EXERCISE>
Reproduce only the lines below from the line containing "this 1288×966 image." to the line containing "this 1537×1367 image.", exactly as written, with both end lines kept. Omit the pictures.

MATERIAL SUPPLIED>
====

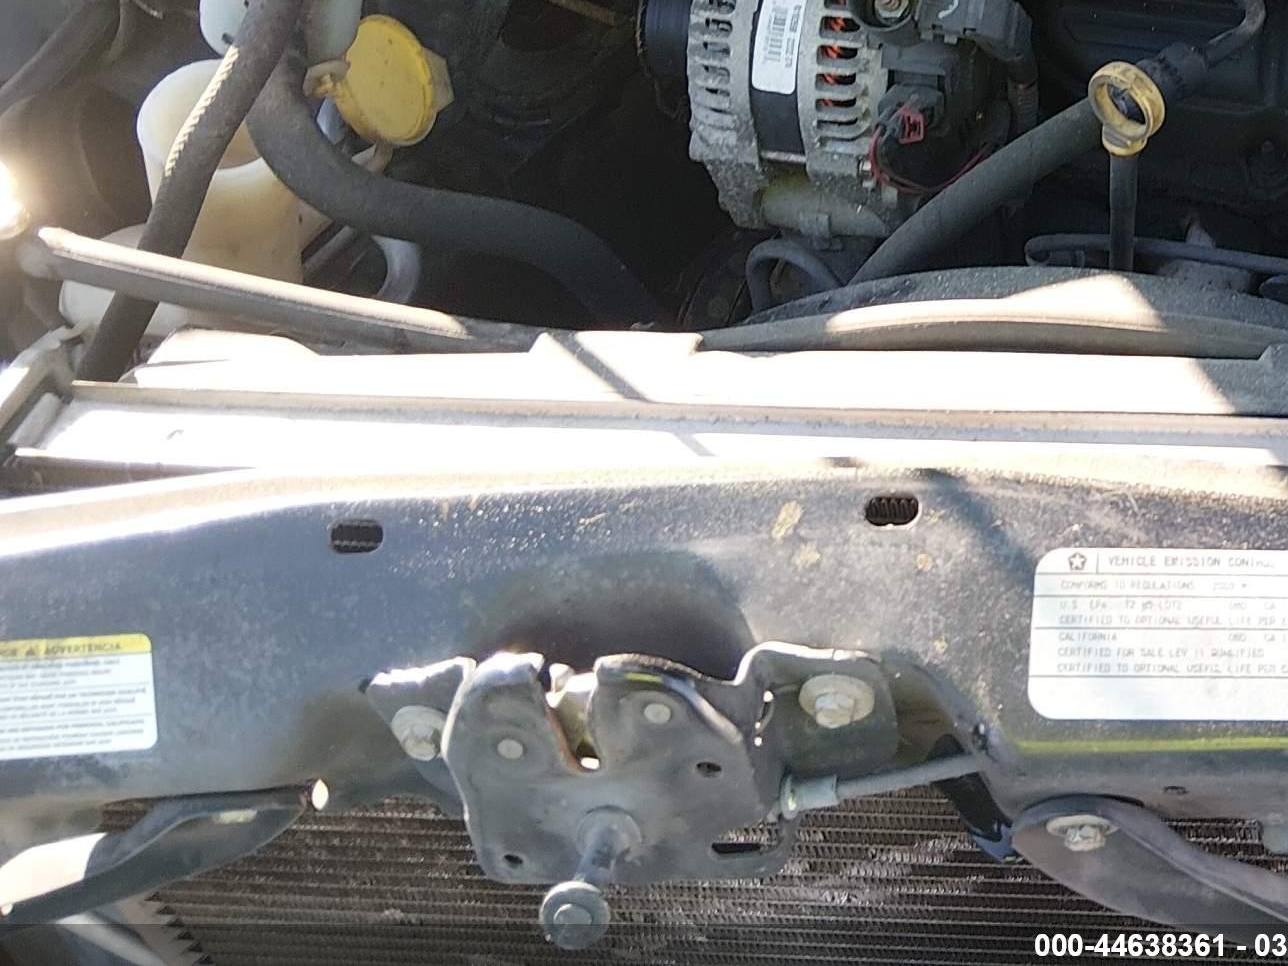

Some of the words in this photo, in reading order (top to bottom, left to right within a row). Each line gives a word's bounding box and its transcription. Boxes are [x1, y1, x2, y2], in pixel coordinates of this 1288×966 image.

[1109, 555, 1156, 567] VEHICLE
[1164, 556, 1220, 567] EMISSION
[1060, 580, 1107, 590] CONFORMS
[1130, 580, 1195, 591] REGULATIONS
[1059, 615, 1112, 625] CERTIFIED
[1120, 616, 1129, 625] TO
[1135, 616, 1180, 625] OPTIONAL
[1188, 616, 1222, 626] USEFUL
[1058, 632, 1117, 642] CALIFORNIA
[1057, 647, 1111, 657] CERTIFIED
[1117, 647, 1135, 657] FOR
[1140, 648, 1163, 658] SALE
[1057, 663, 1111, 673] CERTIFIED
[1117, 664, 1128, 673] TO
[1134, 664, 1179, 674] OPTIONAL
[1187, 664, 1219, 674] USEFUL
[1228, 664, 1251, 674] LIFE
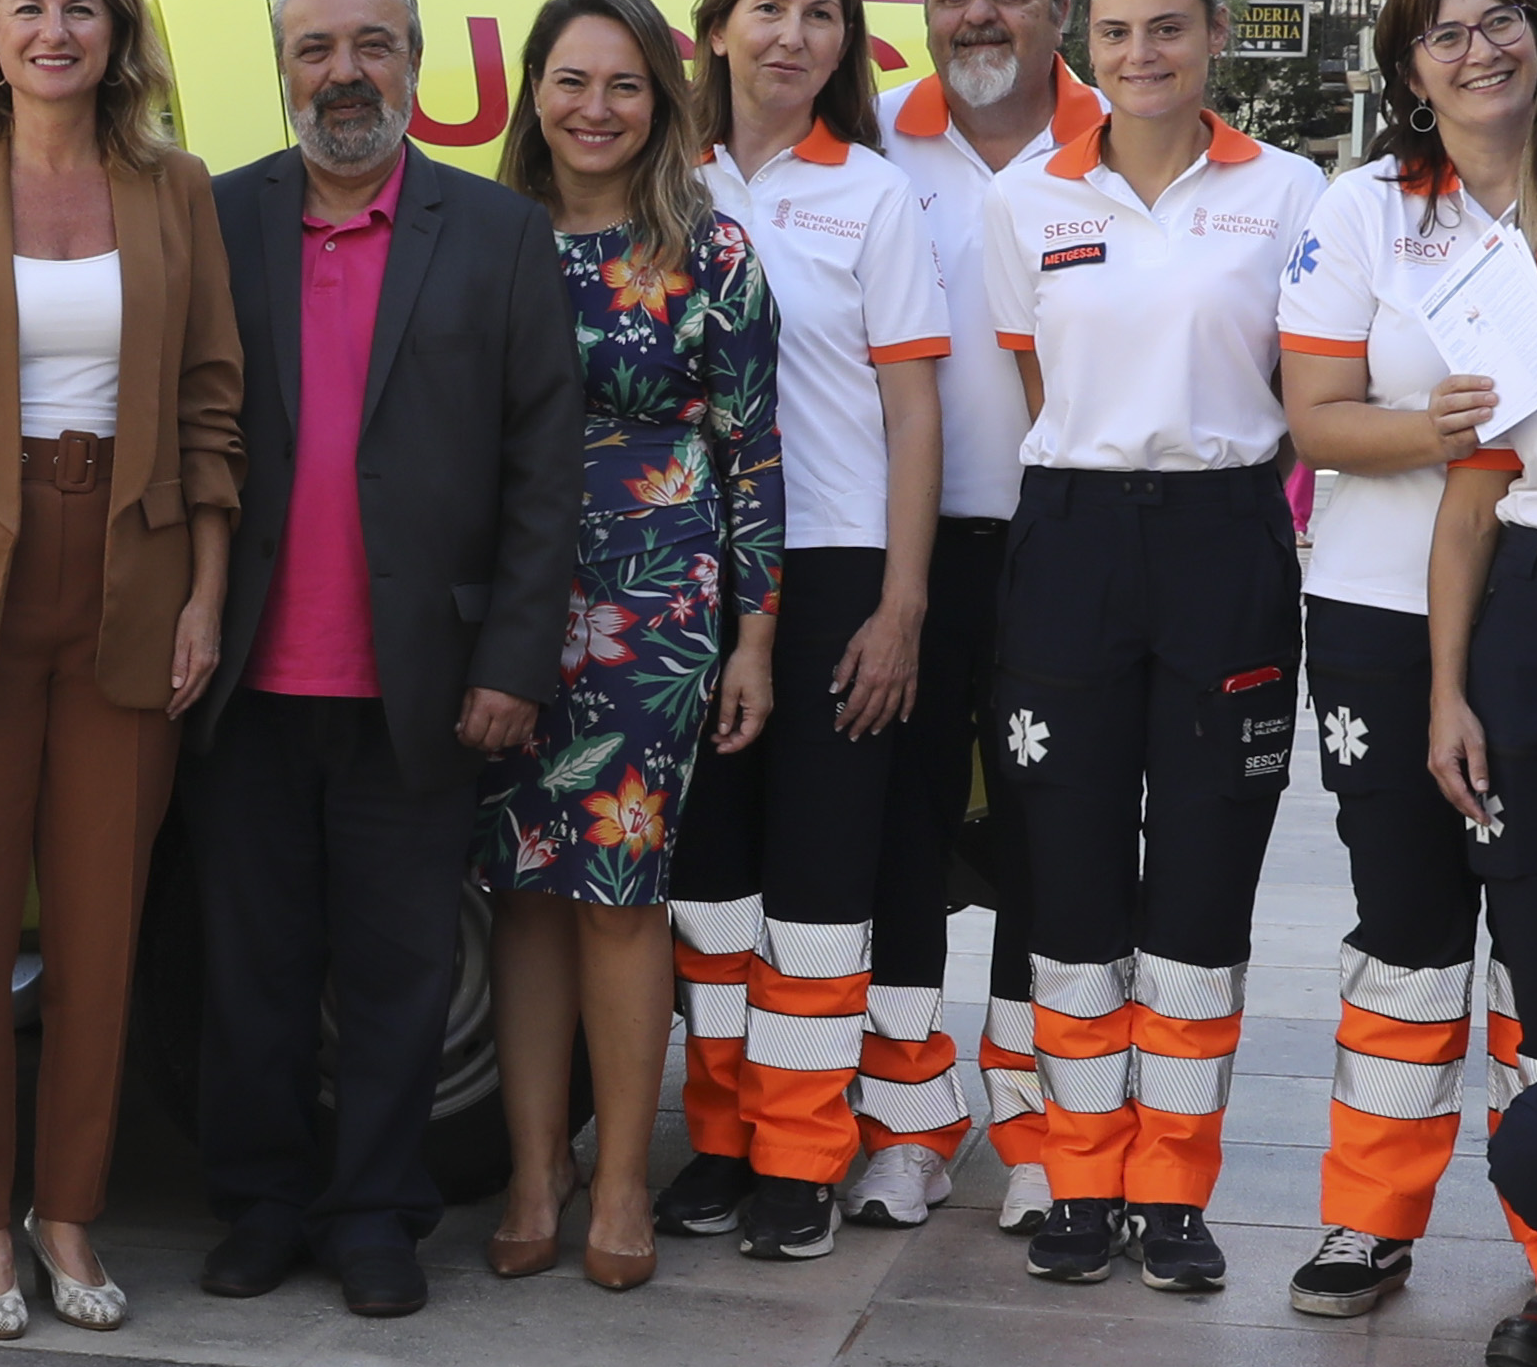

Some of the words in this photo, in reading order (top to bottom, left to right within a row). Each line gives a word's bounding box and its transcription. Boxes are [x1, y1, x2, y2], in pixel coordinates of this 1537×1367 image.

====

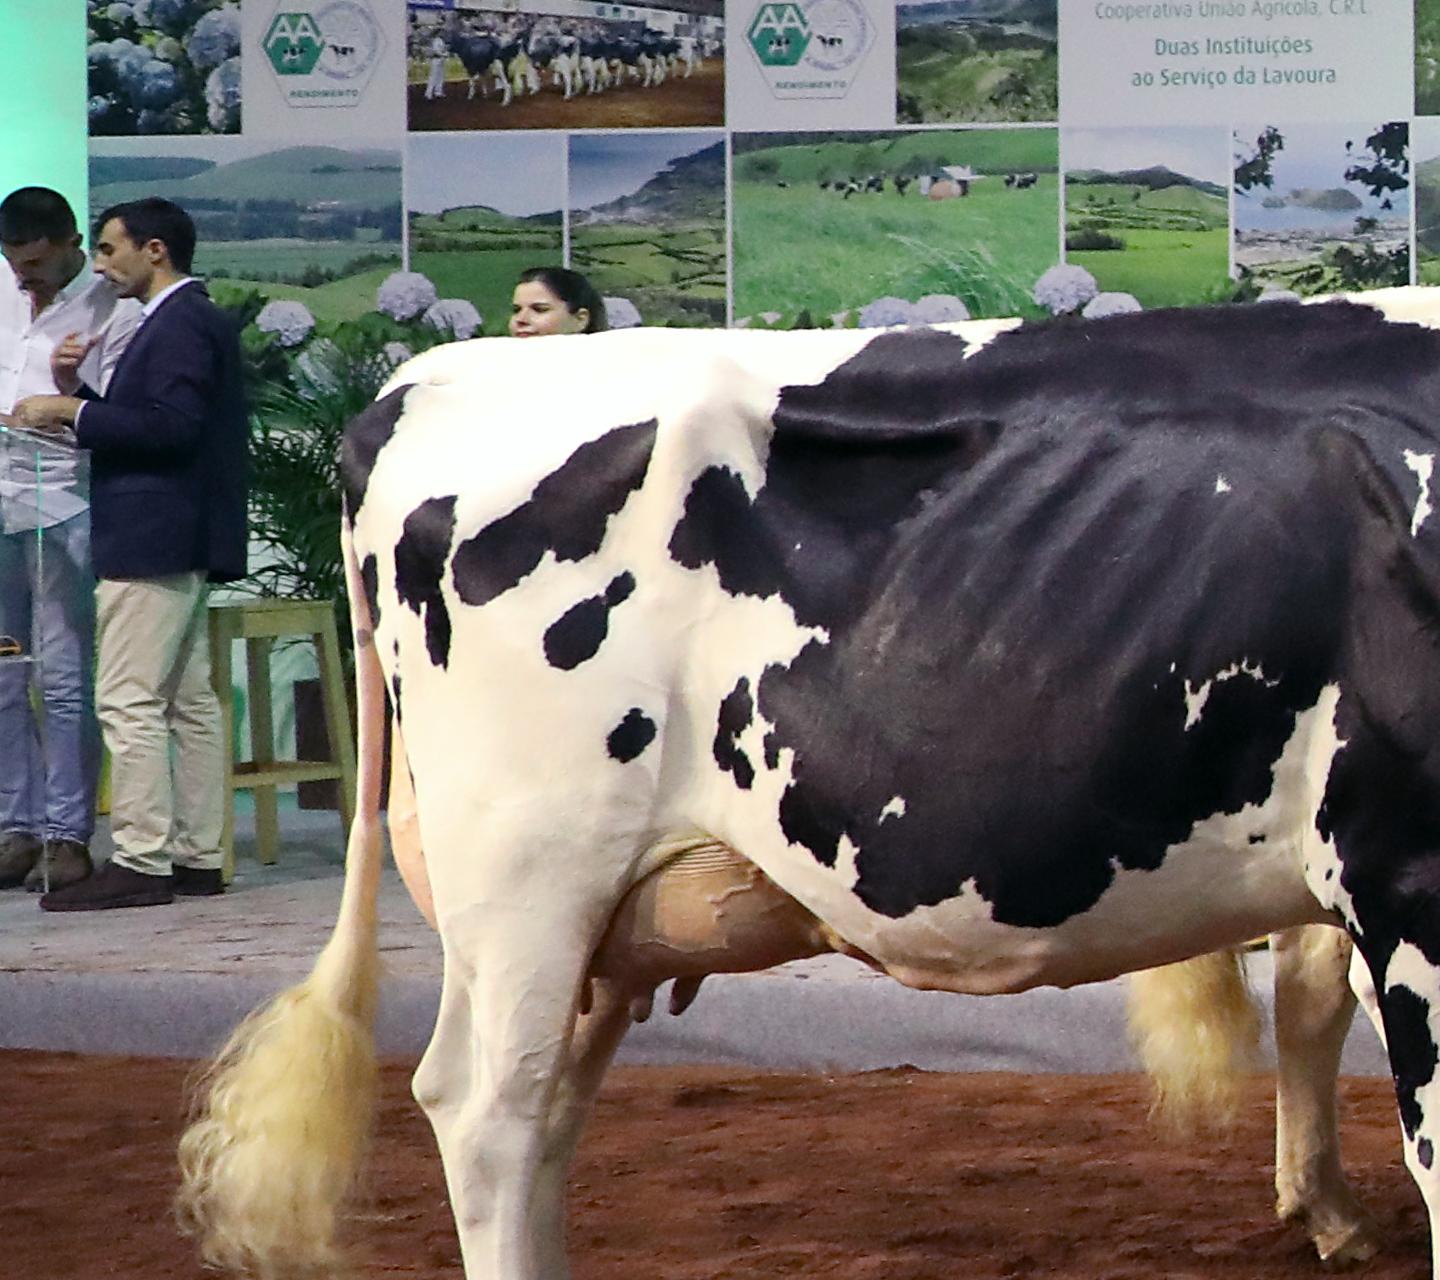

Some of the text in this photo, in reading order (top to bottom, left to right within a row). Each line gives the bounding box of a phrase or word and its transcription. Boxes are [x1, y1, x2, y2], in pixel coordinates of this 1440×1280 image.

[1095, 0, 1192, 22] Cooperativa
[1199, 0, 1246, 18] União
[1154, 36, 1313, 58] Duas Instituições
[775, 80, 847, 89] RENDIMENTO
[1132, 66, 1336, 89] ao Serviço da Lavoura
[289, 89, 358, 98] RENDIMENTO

====

TASK SOLUTION>
Some of the words in this photo, in reading order (top to bottom, left to right within a row). Each line gives a word's bounding box and its transcription. Boxes are [x1, y1, x2, y2], in pixel coordinates of this 1288×966 image.

[1109, 555, 1156, 567] VEHICLE
[1164, 556, 1220, 567] EMISSION
[1060, 580, 1107, 590] CONFORMS
[1130, 580, 1195, 591] REGULATIONS
[1059, 615, 1112, 625] CERTIFIED
[1120, 616, 1129, 625] TO
[1135, 616, 1180, 625] OPTIONAL
[1188, 616, 1222, 626] USEFUL
[1058, 632, 1117, 642] CALIFORNIA
[1057, 647, 1111, 657] CERTIFIED
[1117, 647, 1135, 657] FOR
[1140, 648, 1163, 658] SALE
[1057, 663, 1111, 673] CERTIFIED
[1117, 664, 1128, 673] TO
[1134, 664, 1179, 674] OPTIONAL
[1187, 664, 1219, 674] USEFUL
[1228, 664, 1251, 674] LIFE

Some of the words in this photo, in reading order (top to bottom, left to right within a row). Each line gives a word's bounding box and its transcription. Boxes are [x1, y1, x2, y2], in pixel coordinates of this 1537×1367 image.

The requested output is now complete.